All of the data goes into your copy exactly as written. Images do not.

#### Input for this task ####

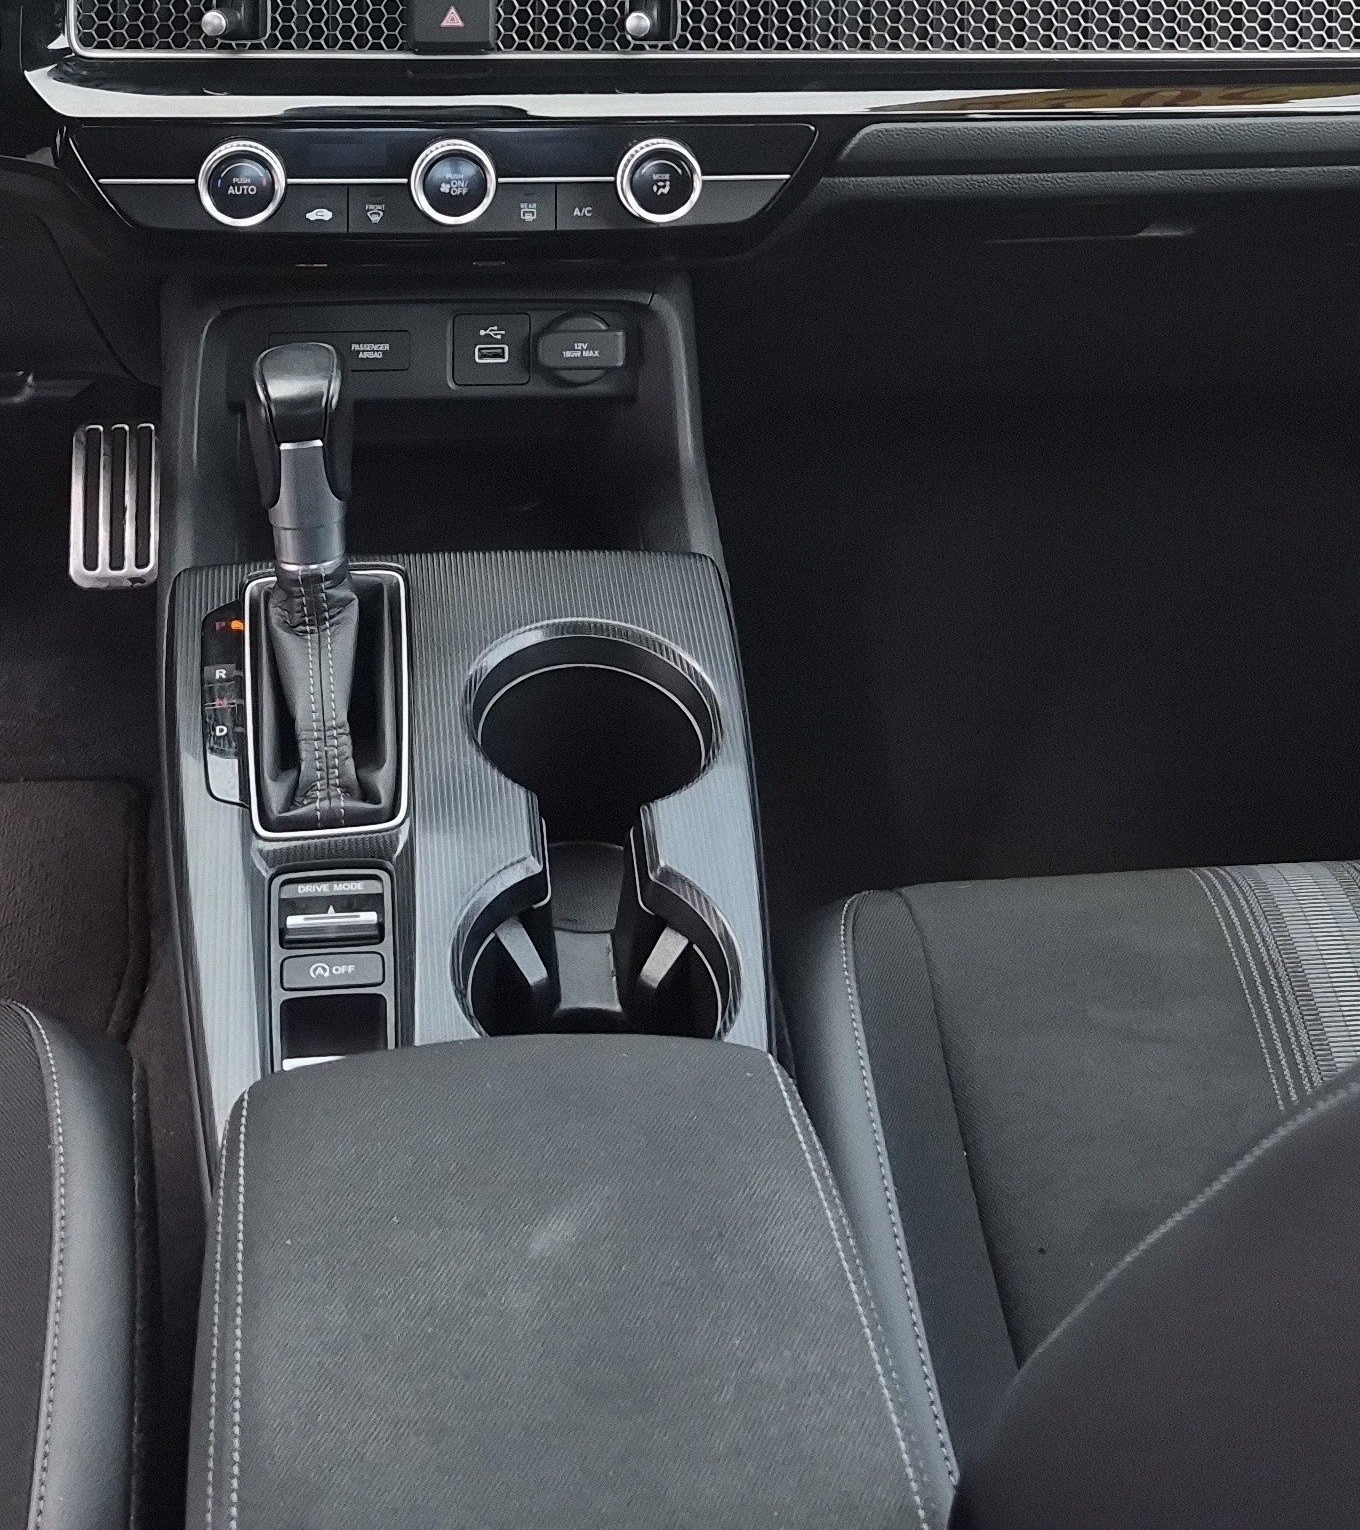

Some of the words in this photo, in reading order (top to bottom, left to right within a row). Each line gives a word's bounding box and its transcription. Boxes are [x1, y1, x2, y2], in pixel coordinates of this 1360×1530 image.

[451, 180, 469, 188] ON/
[228, 185, 257, 195] AUTO
[451, 188, 469, 196] OFF
[573, 207, 593, 217] A/C
[351, 343, 390, 351] PASSENGER
[358, 351, 383, 359] AIRBAG
[582, 350, 599, 358] MAX
[215, 668, 227, 680] R
[215, 725, 228, 737] D
[298, 883, 329, 894] DRIVE
[333, 882, 364, 892] MODE
[332, 964, 355, 975] OFF
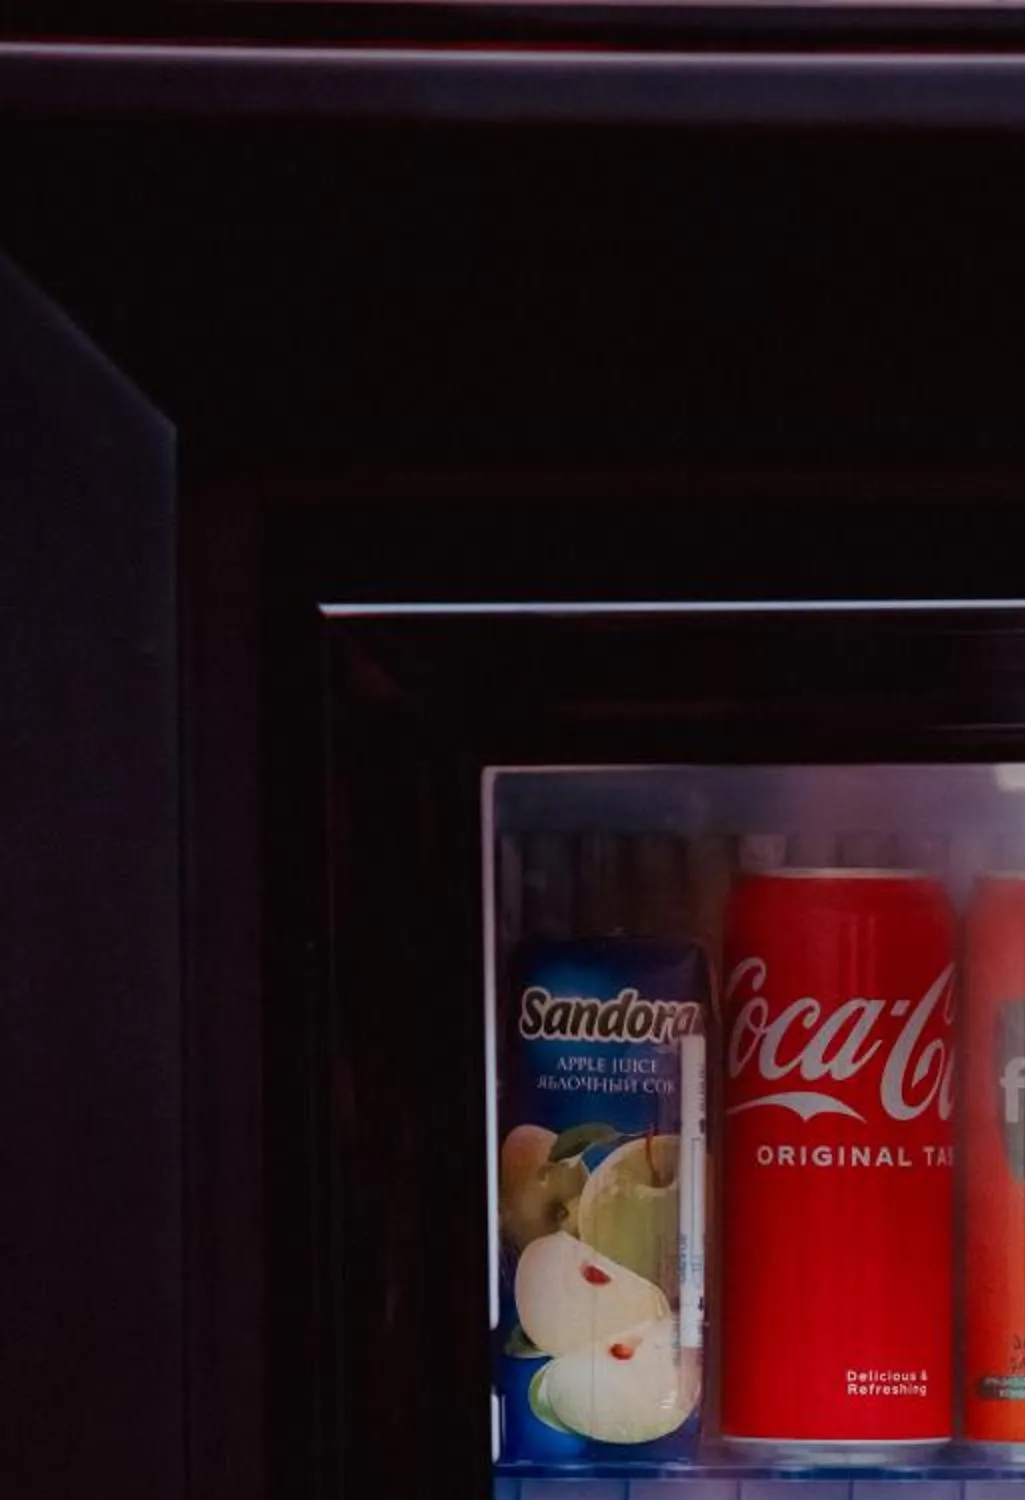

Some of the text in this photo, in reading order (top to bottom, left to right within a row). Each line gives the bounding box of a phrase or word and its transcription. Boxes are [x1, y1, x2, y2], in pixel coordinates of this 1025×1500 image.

[519, 986, 700, 1044] Sandora
[556, 1056, 607, 1072] APPLE
[756, 1145, 912, 1167] ORIGINAL
[846, 1369, 917, 1382] Delicious
[846, 1383, 928, 1397] Refreshing
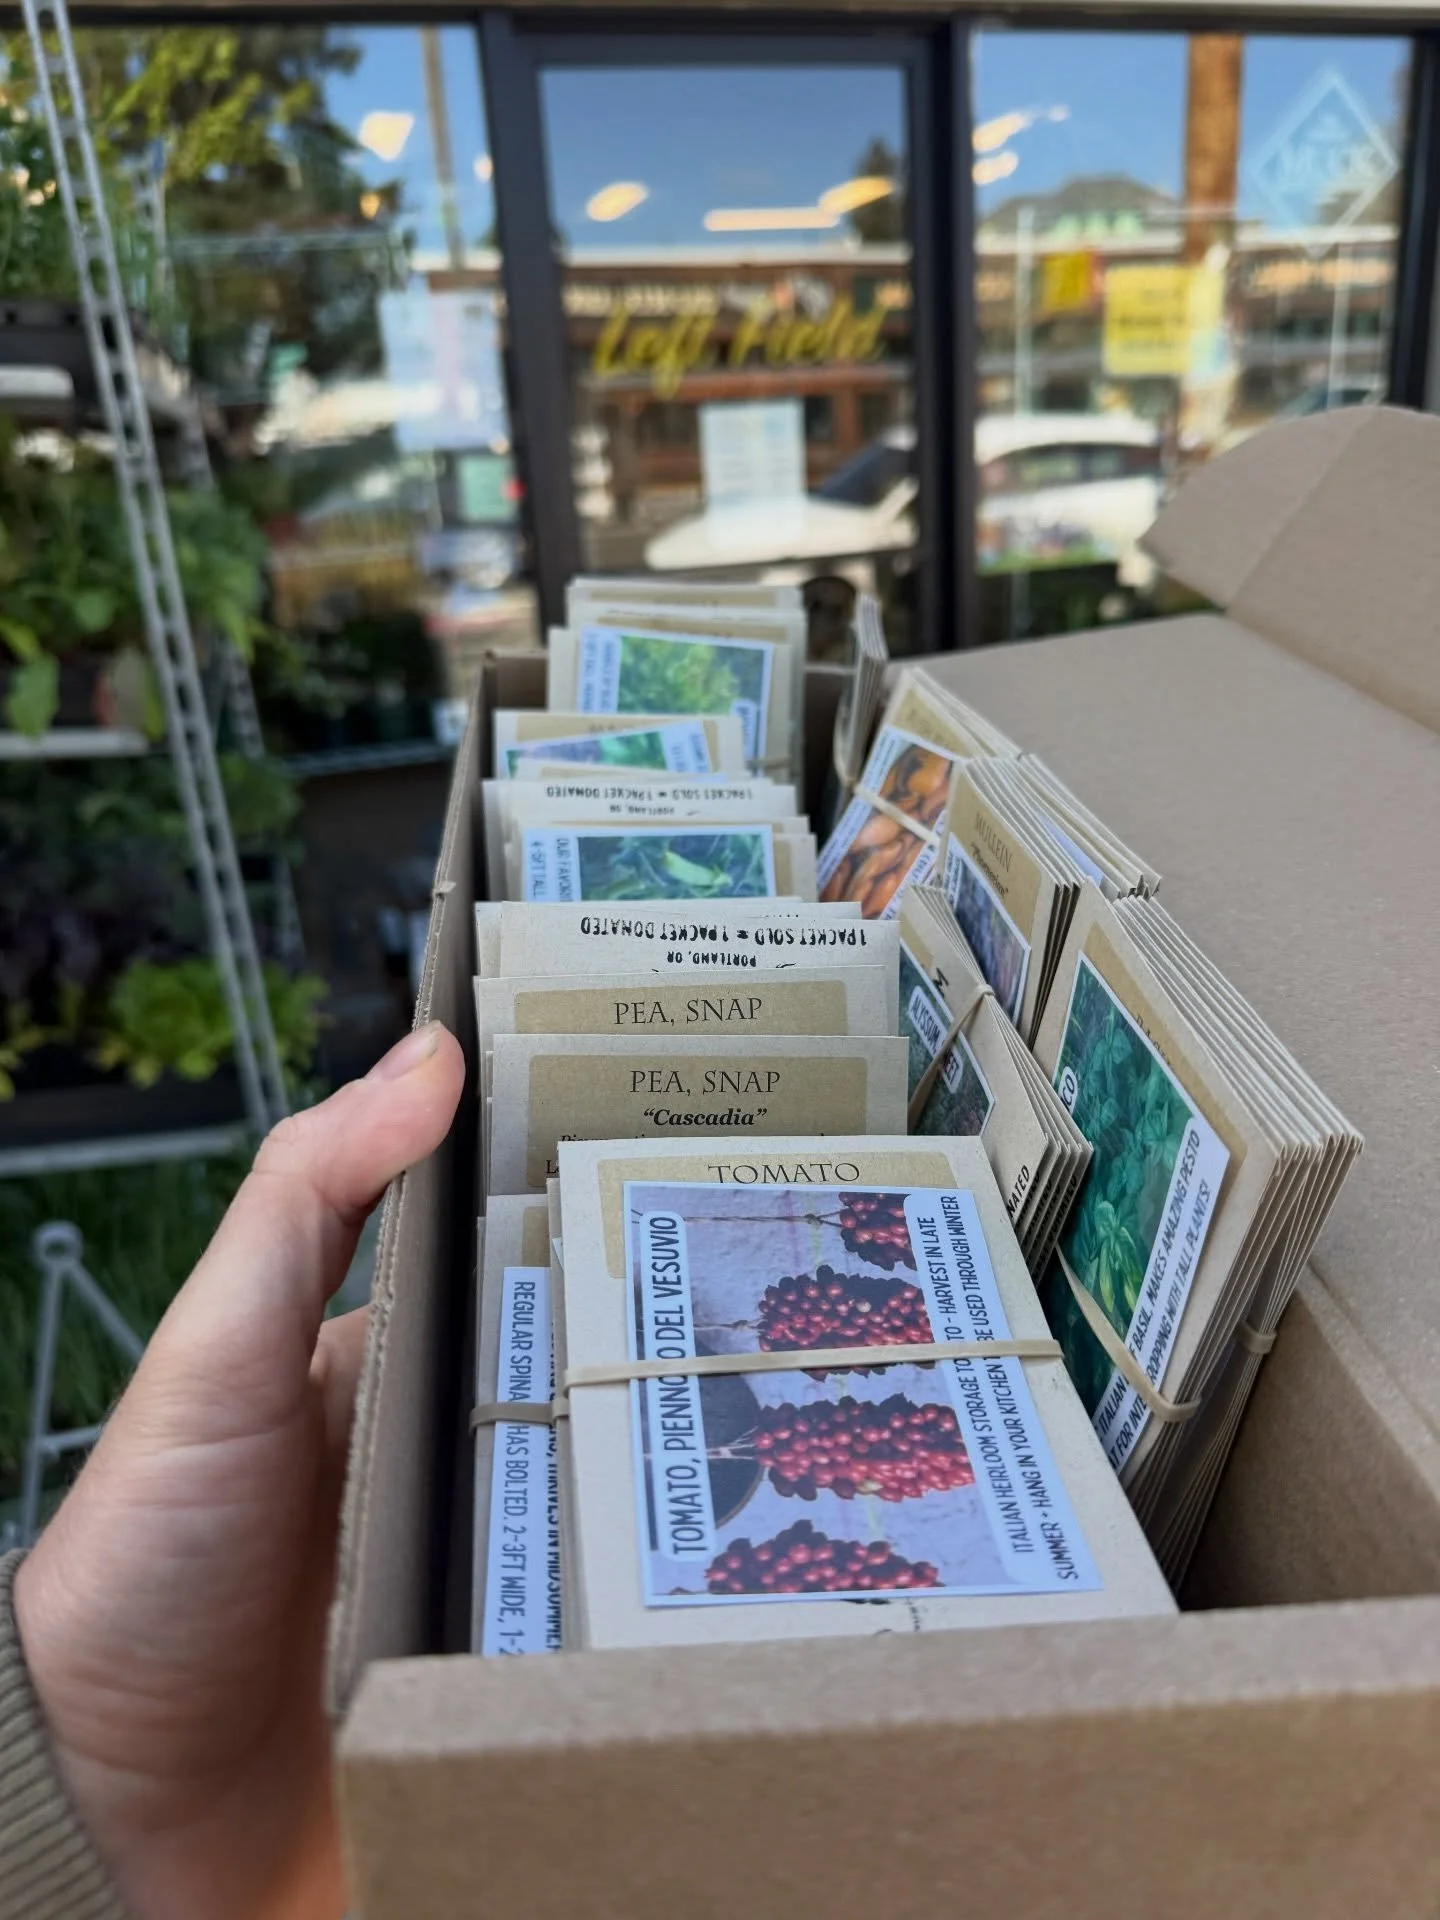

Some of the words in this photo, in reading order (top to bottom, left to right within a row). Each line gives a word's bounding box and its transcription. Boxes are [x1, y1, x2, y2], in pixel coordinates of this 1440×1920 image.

####

▸ Expected answer:
Some of the words in this photo, in reading order (top to bottom, left to right within a row). Each line gives a word's bounding box and its transcription. Boxes are [x1, y1, x2, y2], in pixel coordinates of this 1360×1530 image.

[451, 180, 469, 188] ON/
[228, 185, 257, 195] AUTO
[451, 188, 469, 196] OFF
[573, 207, 593, 217] A/C
[351, 343, 390, 351] PASSENGER
[358, 351, 383, 359] AIRBAG
[582, 350, 599, 358] MAX
[215, 668, 227, 680] R
[215, 725, 228, 737] D
[298, 883, 329, 894] DRIVE
[333, 882, 364, 892] MODE
[332, 964, 355, 975] OFF

Some of the text in this photo, in reading order (top to bottom, left to right within a row). Each line gives the bounding box of a phrase or word and its transcription. Boxes are [x1, y1, x2, y2], in pixel coordinates of this 1025×1500 image.

[519, 986, 700, 1044] Sandora
[556, 1056, 607, 1072] APPLE
[756, 1145, 912, 1167] ORIGINAL
[846, 1369, 917, 1382] Delicious
[846, 1383, 928, 1397] Refreshing

Some of the words in this photo, in reading order (top to bottom, left to right within a row). Each line gives a word's bounding box and its transcription. Boxes are [x1, y1, x2, y2], in pixel coordinates of this 1440×1920 image.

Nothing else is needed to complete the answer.